Collected data:
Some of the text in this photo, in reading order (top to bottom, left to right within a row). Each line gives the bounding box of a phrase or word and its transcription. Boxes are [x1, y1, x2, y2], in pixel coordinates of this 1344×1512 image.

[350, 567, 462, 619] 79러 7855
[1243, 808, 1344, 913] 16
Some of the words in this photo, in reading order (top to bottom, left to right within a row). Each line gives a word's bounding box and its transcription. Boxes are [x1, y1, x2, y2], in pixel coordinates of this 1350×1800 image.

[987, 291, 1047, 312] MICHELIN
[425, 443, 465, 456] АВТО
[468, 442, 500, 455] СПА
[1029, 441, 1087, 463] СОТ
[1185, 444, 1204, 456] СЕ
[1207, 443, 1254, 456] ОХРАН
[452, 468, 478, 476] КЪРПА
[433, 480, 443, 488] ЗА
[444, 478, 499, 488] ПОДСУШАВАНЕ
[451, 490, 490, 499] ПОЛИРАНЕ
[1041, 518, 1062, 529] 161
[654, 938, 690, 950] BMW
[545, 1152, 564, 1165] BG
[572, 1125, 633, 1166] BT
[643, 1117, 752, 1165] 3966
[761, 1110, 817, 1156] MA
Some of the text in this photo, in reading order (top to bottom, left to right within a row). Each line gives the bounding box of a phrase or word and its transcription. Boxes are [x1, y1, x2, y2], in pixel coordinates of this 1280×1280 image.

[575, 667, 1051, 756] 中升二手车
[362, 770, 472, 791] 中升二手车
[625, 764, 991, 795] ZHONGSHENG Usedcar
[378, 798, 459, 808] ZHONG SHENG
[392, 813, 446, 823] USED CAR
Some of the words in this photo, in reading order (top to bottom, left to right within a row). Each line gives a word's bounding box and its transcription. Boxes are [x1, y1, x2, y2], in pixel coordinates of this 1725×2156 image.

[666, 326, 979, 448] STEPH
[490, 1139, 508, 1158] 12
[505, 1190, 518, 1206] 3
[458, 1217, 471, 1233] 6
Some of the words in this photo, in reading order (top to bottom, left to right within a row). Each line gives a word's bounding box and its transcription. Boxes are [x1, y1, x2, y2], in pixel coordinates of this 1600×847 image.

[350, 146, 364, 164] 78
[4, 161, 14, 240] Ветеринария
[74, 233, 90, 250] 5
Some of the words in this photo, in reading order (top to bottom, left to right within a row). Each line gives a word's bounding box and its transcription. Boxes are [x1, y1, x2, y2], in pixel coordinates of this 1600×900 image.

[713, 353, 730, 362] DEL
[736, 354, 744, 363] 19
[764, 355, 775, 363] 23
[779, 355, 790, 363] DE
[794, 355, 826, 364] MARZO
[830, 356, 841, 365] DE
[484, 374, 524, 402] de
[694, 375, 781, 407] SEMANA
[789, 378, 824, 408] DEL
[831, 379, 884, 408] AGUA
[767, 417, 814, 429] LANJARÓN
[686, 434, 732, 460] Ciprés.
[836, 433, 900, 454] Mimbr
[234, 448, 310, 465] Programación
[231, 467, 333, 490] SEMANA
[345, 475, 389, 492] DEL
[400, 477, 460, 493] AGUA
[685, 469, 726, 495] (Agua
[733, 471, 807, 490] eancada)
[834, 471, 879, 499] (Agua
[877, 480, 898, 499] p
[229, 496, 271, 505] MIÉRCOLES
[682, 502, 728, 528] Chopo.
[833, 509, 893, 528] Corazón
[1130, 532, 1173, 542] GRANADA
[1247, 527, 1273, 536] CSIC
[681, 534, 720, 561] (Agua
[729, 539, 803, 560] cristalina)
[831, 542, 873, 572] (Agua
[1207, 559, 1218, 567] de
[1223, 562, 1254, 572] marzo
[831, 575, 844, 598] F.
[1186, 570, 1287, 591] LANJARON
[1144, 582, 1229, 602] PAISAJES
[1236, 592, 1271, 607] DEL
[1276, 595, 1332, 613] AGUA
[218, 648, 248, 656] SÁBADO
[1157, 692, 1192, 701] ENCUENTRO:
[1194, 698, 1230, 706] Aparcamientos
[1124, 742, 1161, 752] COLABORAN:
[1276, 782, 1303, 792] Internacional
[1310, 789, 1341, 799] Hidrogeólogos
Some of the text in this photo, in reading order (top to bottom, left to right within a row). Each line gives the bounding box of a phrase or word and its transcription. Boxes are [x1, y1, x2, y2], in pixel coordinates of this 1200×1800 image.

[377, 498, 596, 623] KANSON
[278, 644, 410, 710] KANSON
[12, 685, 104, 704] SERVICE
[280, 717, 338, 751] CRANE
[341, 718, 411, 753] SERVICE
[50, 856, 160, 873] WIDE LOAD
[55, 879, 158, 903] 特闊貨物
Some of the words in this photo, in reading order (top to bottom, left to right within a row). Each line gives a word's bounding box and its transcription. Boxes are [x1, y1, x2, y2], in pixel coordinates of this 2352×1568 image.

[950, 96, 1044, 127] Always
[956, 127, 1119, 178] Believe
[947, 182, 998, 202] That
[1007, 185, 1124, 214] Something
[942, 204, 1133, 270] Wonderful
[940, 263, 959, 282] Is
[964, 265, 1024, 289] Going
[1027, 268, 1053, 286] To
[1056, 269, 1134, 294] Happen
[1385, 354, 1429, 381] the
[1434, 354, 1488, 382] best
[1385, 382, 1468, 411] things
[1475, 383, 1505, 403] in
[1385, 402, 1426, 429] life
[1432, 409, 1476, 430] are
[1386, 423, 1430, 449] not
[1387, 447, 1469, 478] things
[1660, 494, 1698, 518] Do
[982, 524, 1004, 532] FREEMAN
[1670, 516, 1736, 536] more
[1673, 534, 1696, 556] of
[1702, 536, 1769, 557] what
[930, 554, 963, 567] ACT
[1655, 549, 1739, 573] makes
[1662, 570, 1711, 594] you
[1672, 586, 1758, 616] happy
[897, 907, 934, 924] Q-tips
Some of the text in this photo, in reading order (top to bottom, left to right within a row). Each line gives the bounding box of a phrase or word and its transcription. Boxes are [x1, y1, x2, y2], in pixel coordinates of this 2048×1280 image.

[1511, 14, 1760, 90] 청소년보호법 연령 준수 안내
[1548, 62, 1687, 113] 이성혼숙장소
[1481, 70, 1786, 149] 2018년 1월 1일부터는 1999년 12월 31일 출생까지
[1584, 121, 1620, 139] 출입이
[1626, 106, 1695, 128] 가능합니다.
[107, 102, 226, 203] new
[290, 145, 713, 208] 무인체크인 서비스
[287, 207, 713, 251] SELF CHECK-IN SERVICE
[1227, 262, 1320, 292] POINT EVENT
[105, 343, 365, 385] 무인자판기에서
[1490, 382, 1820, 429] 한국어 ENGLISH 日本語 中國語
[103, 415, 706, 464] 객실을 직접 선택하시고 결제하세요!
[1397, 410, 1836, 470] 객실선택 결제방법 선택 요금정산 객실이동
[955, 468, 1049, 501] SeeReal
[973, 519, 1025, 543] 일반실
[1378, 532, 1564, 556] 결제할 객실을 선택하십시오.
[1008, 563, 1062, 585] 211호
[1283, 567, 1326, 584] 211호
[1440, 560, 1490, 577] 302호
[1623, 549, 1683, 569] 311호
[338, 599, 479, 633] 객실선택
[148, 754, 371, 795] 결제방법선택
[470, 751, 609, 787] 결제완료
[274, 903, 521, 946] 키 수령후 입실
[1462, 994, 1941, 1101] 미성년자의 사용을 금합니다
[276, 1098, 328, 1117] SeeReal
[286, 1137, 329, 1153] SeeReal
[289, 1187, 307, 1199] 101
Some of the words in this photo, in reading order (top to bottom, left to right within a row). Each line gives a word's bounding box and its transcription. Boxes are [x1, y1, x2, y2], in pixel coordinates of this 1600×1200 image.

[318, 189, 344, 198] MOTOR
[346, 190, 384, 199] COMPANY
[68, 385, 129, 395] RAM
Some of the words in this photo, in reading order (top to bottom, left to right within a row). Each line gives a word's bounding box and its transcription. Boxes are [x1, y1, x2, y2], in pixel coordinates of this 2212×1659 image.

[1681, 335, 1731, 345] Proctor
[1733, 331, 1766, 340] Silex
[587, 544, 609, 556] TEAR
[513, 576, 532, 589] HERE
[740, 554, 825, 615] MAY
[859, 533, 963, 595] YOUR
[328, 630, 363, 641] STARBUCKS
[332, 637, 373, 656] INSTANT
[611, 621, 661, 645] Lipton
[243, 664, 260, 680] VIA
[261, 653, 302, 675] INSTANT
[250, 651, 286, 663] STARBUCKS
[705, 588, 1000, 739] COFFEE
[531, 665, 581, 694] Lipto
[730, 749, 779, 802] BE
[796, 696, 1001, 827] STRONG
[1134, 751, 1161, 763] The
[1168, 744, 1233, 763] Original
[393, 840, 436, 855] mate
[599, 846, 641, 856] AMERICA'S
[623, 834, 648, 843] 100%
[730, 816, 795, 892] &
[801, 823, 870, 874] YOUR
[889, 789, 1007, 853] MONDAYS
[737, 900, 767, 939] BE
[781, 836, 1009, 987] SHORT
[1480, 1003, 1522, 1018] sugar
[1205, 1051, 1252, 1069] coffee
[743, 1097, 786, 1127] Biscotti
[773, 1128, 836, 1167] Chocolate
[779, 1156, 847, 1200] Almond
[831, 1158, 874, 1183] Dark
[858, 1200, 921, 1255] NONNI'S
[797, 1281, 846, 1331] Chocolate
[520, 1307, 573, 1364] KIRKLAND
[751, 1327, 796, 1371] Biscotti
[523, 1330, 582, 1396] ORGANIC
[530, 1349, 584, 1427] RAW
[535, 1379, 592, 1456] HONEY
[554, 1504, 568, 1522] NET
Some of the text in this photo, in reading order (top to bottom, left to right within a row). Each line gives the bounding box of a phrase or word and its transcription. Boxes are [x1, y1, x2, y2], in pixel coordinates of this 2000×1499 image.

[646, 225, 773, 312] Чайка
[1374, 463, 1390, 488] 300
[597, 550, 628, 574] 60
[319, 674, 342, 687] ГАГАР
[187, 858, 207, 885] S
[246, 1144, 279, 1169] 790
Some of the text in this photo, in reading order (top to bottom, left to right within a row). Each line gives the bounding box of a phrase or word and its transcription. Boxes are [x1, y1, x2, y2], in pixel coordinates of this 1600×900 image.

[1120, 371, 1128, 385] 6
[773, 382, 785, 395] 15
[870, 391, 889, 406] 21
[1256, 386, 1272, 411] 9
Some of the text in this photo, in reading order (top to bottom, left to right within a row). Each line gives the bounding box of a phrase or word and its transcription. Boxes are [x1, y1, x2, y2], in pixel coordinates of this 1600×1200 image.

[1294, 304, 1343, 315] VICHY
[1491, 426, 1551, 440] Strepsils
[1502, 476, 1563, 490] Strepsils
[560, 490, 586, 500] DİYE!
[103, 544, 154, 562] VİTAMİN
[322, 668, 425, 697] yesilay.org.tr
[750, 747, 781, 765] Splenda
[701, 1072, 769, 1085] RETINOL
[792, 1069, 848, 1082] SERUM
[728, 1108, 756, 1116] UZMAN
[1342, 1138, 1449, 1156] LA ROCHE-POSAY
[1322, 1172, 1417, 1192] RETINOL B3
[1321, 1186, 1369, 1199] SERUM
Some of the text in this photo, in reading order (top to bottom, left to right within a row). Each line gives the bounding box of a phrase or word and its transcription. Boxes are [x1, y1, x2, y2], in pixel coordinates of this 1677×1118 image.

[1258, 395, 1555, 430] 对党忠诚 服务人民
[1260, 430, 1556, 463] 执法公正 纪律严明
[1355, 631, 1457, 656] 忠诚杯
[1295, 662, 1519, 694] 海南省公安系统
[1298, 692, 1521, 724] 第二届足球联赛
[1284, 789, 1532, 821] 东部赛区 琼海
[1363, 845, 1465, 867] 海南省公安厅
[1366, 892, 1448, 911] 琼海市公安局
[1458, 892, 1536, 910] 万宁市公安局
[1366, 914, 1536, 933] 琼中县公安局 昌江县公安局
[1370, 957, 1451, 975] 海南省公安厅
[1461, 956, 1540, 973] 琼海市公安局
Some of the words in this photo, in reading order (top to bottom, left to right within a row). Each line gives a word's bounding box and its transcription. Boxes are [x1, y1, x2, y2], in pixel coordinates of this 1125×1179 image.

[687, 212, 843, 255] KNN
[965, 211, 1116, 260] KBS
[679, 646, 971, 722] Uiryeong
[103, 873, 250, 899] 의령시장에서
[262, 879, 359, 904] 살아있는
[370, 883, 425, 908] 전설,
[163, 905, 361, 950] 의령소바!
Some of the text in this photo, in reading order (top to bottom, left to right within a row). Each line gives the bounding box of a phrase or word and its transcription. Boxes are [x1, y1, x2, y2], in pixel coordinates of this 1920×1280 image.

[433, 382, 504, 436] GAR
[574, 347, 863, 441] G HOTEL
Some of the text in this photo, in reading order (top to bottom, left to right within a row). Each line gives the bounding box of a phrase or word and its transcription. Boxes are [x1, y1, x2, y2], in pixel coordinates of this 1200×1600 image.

> _What is being asked_
Beginning with the line that contains "this 1920×1280 image.", restate word for word each line through the last one in the data, and write nothing more.

> _Response to this exercise_
Some of the text in this photo, in reading order (top to bottom, left to right within a row). Each line gives the bounding box of a phrase or word and its transcription. Boxes are [x1, y1, x2, y2], in pixel coordinates of this 1920×1280 image.

[433, 382, 504, 436] GAR
[574, 347, 863, 441] G HOTEL
Some of the text in this photo, in reading order (top to bottom, left to right within a row). Each line gives the bounding box of a phrase or word and its transcription. Boxes are [x1, y1, x2, y2], in pixel coordinates of this 1200×1600 image.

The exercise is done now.